Write down the listing again exactly as it appears below, without its pictures.

Data for processing:

======

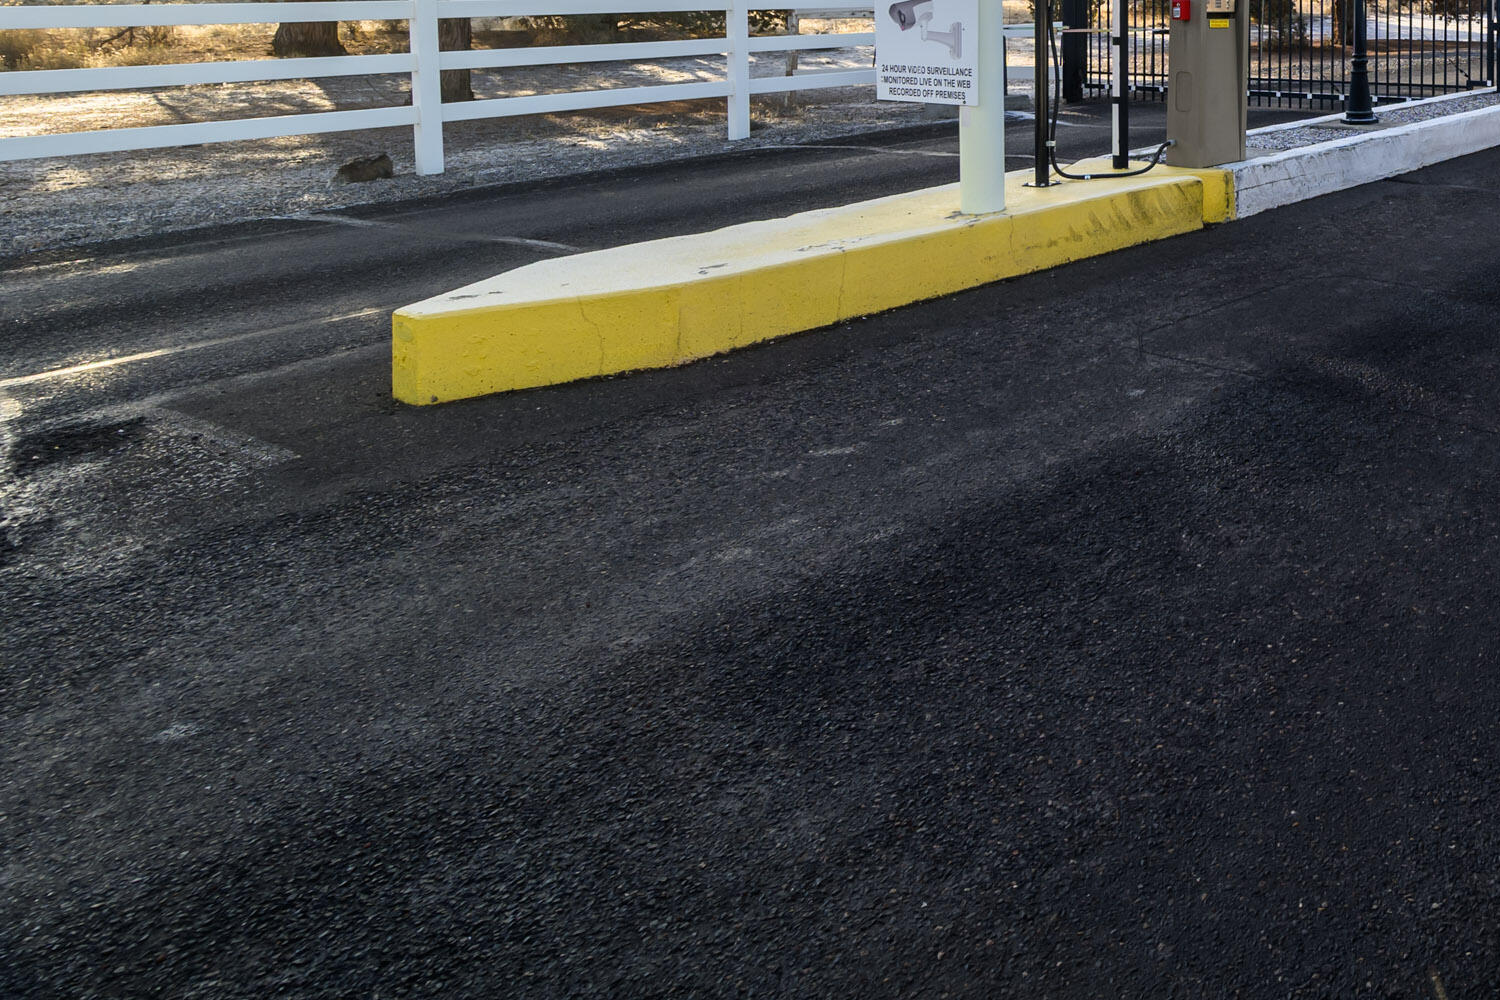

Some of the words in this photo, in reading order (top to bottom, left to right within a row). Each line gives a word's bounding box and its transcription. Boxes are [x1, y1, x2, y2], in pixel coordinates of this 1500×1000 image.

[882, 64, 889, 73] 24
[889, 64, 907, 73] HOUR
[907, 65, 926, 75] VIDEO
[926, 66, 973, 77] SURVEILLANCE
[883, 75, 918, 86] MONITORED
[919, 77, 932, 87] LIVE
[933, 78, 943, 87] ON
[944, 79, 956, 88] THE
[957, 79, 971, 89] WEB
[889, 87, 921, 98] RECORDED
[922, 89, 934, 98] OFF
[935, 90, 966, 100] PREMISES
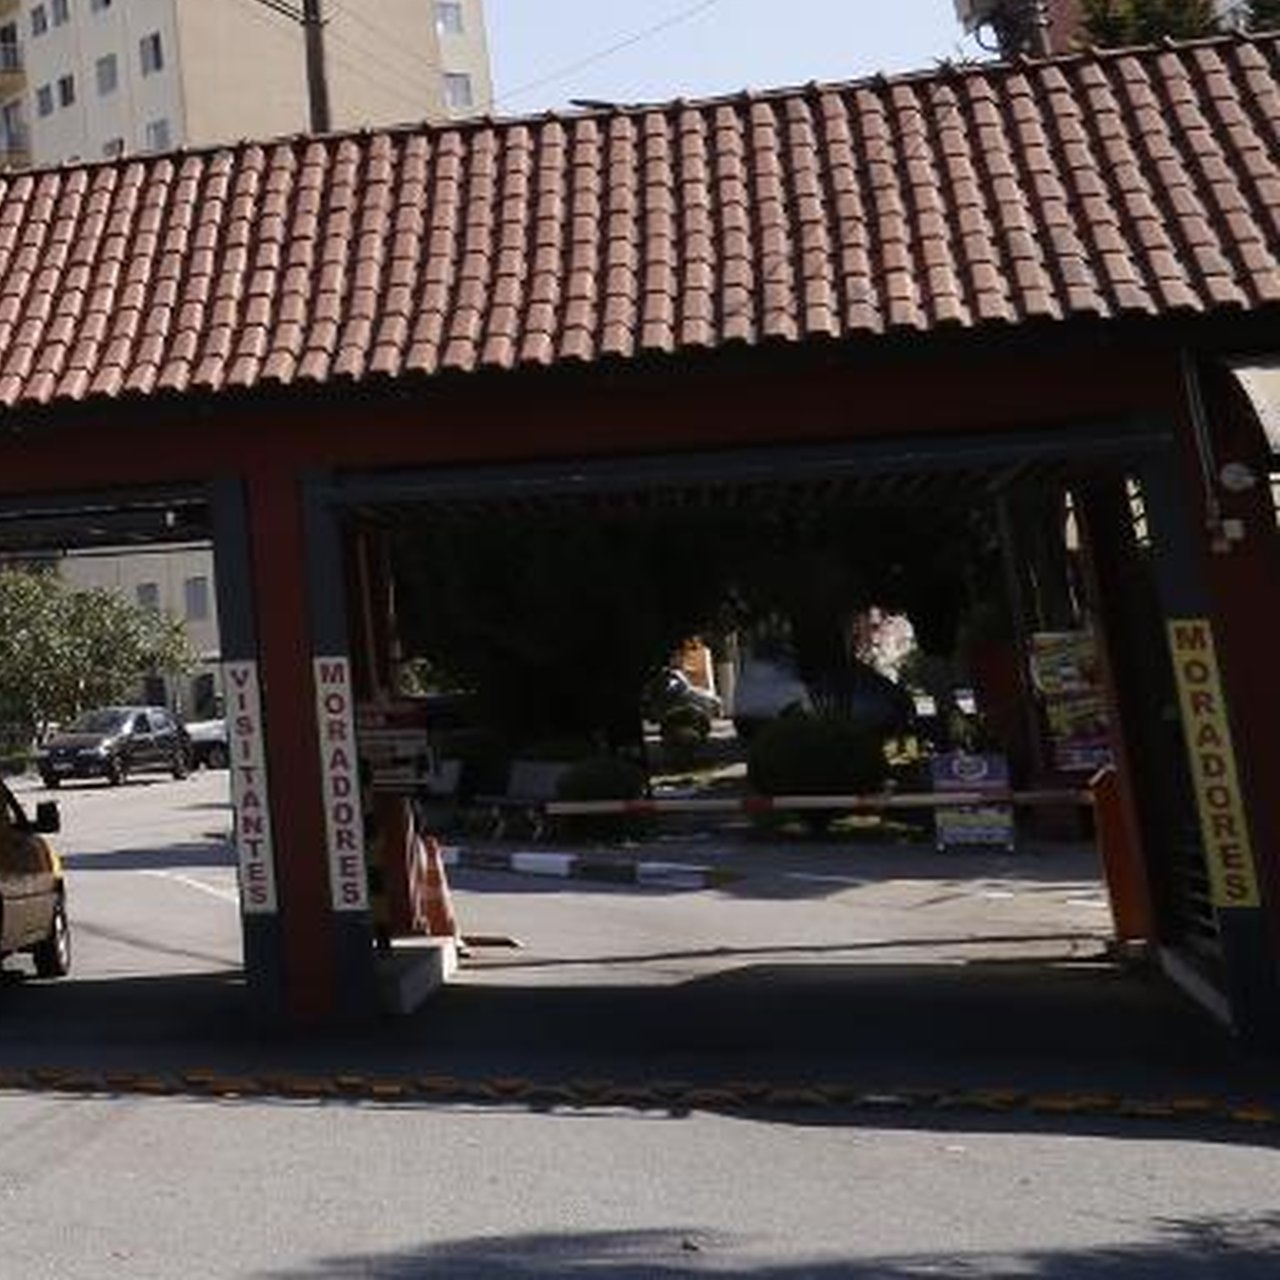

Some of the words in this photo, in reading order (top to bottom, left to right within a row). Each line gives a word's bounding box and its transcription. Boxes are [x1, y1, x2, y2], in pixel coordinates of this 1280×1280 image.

======

Expected answer:
Some of the words in this photo, in reading order (top to bottom, left to right within a row). Each line gives a word's bounding box and its transcription. Boxes are [x1, y1, x2, y2], in pixel coordinates of this 1500×1000 image.

[882, 64, 889, 73] 24
[889, 64, 907, 73] HOUR
[907, 65, 926, 75] VIDEO
[926, 66, 973, 77] SURVEILLANCE
[883, 75, 918, 86] MONITORED
[919, 77, 932, 87] LIVE
[933, 78, 943, 87] ON
[944, 79, 956, 88] THE
[957, 79, 971, 89] WEB
[889, 87, 921, 98] RECORDED
[922, 89, 934, 98] OFF
[935, 90, 966, 100] PREMISES

Some of the words in this photo, in reading order (top to bottom, left to right within a row). Each line gives a word's bounding box and its transcription. Boxes are [x1, y1, x2, y2], in pixel coordinates of this 1280×1280 image.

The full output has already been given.